Não foi uma decisão fácil. Mas ele
preferiu ficar com o novo Escoteiro que estava na Patrulha vindo do lobinho. Vi
que eles se entendiam perfeitamente. Ele mesmo me disse que na cidade seria
somente uma relíquia ou uma recordação de um passado saudoso. Ele não queria
ser uma recordação. Achava que tinha muito ainda para iluminar as noites
escuras dos acampamentos junto aos jovens escoteiros sonhadores. Assim como foi
meu amigo e iluminou meus dias de juventude ele achava que iria ajudar em muito
a nova juventude que iria aparecer na patrulha.
O dia em que o Noviço foi
buscá-lo, ele me olhou e chorou. Eu também chorei. Disse para ele: - Lampião
Vermelho você me fez chorar muitas vezes. Deu-me muitas alegrias também.
Mostrou-me novos caminhos, novos horizontes. Iluminou minhas noites alegres e
tristes. Fez de mim um homem com sua maneira honesta de ver as coisas. Não queria perder você, mas o destino muitas
vezes não nos dá condições de escolha.
Adeus meu querido Lampião Vermelho.
Adeus. Espero que faça a todos felizes como me fez feliz por todos estes anos
que ficamos juntos. Fiquei ali na porta do meu barraco de barro, a ver o
Lampião Vermelho balançar e ficar sorrindo para o Noviço. Notei que os dois
conversavam animadamente. Minha Avó veio de mansinho e me deu um abraço. Chorei
nos braços dela. Nunca mais voltei àquela cidade. Nunca mais soube onde anda o
Lampião Vermelho que fez parte da minha vida. Acho que ainda existe e deve
estar fazendo milhares de acampamentos, excursões e vivendo uma vida feliz
junto aos escoteiros que sempre amou.
Seja feliz meu amigo Lampião
Vermelho. Seja feliz. Escolhemos dois caminhos e cada um de nós agora devemos
procurar encontrar a nossa felicidade. A luz bruxuleante do Lampião Vermelho me
veio à mente. Em segundos revivi toda a vida que vivemos juntos. Moro agora em
uma cidade grande. Não tenho mais o meu Lampião Vermelho e nem posso ver mais
as estrelas no céu. Outros objetos e aparelhos o substituíram. Mas apesar de
tudo nunca esqueci e nunca vou esquecer os dias felizes que passei junto ao meu
amado Lampião Vermelho!
E quem quiser que conte
outra.
Minha infância na roça
Ai!

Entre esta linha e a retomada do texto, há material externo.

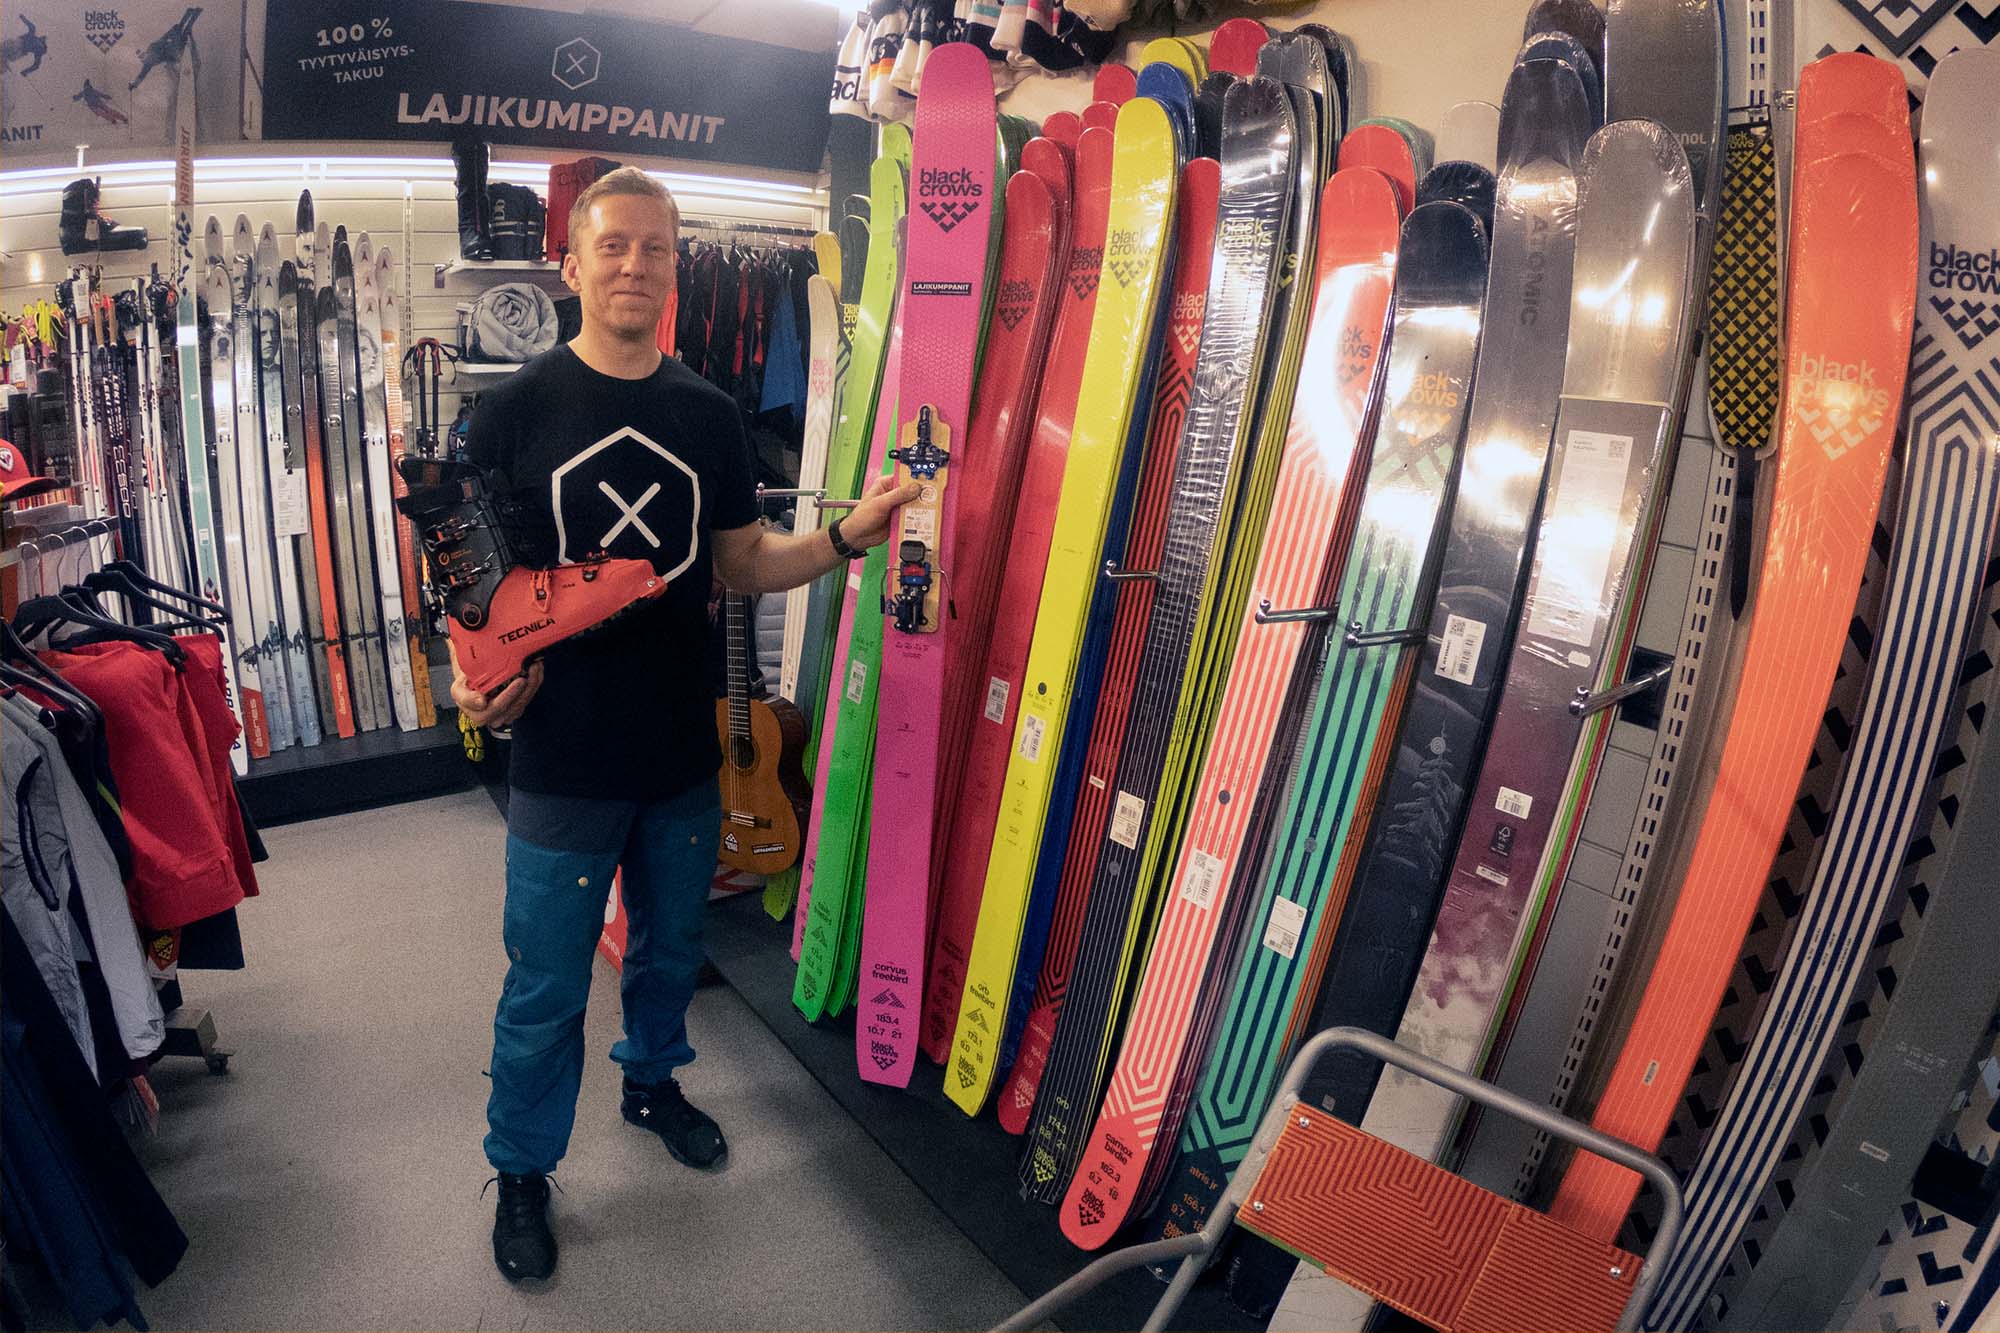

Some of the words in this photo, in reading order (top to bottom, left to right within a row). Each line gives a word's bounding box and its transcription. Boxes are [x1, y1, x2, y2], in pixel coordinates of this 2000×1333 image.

[85, 9, 118, 21] black
[84, 19, 125, 31] crows
[316, 23, 365, 46] 100
[371, 16, 393, 38] %
[298, 45, 415, 71] TYYTYVÄISYYS-
[333, 66, 385, 84] TAKUU
[397, 91, 726, 145] LAJIKUMPPANIT
[919, 168, 973, 184] black
[918, 183, 983, 197] crows
[1800, 351, 1875, 386] black
[497, 618, 556, 645] TECNICA
[872, 970, 909, 984] freebird
[874, 963, 907, 975] corvus
[969, 985, 996, 1010] freebird
[977, 983, 990, 996] orb
[875, 1013, 900, 1026] 183.4
[866, 1025, 886, 1037] 10.7
[891, 1030, 903, 1040] 21
[871, 1040, 895, 1052] black
[1056, 1096, 1070, 1111] orb
[1104, 1142, 1128, 1166] birdie
[1105, 1133, 1134, 1159] camox
[1100, 1161, 1121, 1183] 162.3
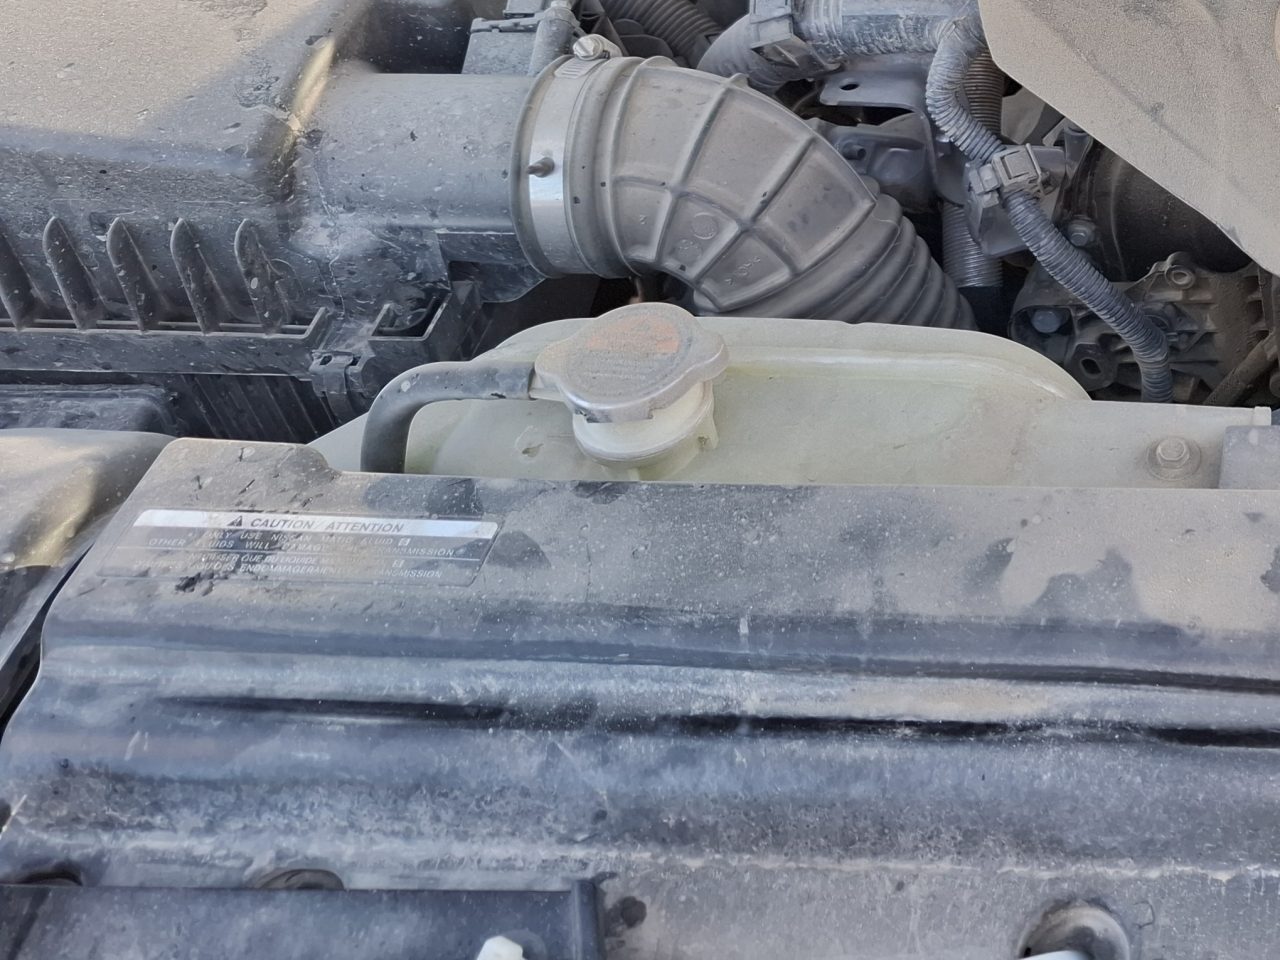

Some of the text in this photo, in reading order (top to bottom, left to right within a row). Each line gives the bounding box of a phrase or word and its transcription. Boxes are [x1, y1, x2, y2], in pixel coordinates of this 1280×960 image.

Que saudades do lampião a querosene,
Das tardes canoras do meu sertão.
Dos passeios pelas roças de café,
Vendo o sabiá beliscando o mamão.
O amanhecer na roça era gostoso de ver
Ar puro, cheiro de relva, neblina na baixada,
Gado bom de leite, a ordenha quente pra beber,
O dia mal clareava eu ouvia o cantar da
passarada.
Á aurora se desfazia dando lugar ao sol quente
No espigão um pé de ipê jazia florido e solene,
O vovô e o papai saiam cedo, sempre contentes,
Cultivam a mãe terra que nos dava o sustento.